Problem requirements - An exact transcription of every entry is required, with the images left out.

================

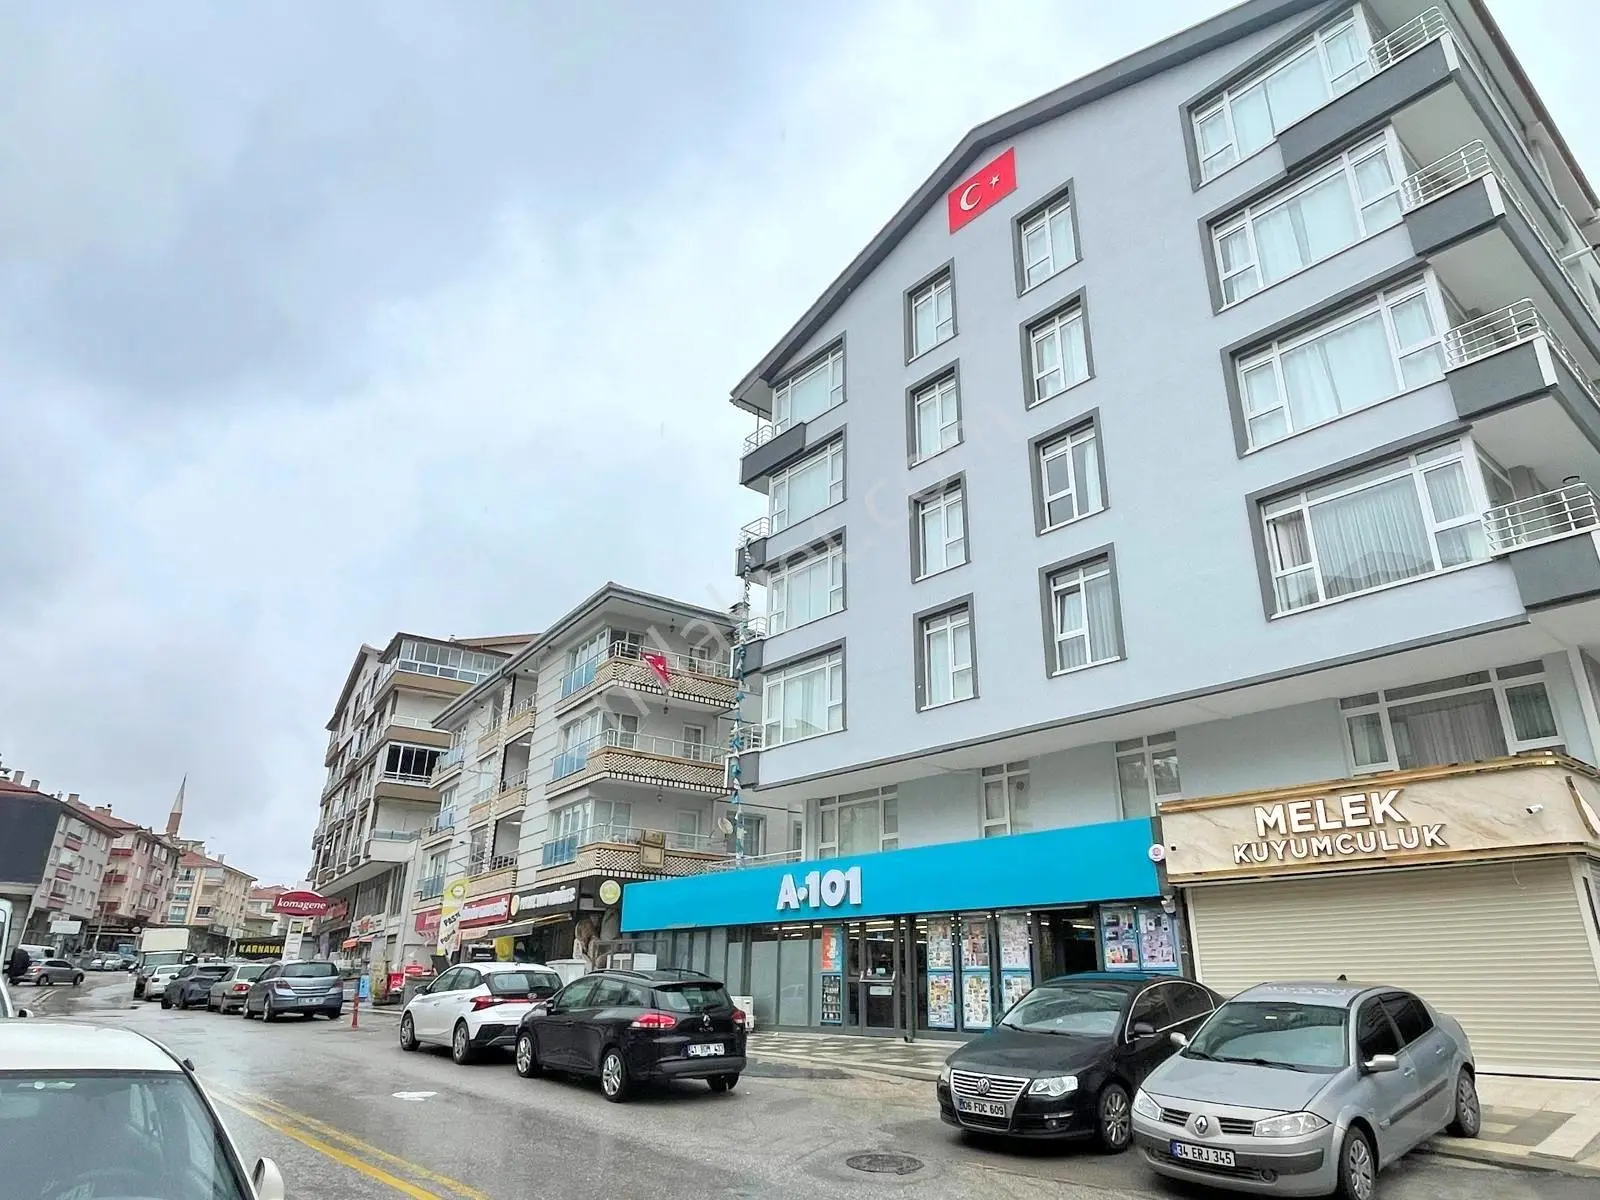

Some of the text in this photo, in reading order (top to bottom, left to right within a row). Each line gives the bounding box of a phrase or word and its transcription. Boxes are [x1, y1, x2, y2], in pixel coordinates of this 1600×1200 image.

[1254, 788, 1408, 837] MELEK
[1232, 823, 1448, 864] KUYUMCULUK
[277, 897, 326, 910] komagene
[963, 1100, 1003, 1115] 06 FDC 609
[1177, 1144, 1232, 1165] 34 ERJ 345

================

Output of the exercise -
Some of the text in this photo, in reading order (top to bottom, left to right within a row). Each line gives the bounding box of a phrase or word and its transcription. Boxes are [x1, y1, x2, y2], in pixel coordinates of this 1600×1200 image.

[1254, 788, 1408, 837] MELEK
[1232, 823, 1448, 864] KUYUMCULUK
[277, 897, 326, 910] komagene
[963, 1100, 1003, 1115] 06 FDC 609
[1177, 1144, 1232, 1165] 34 ERJ 345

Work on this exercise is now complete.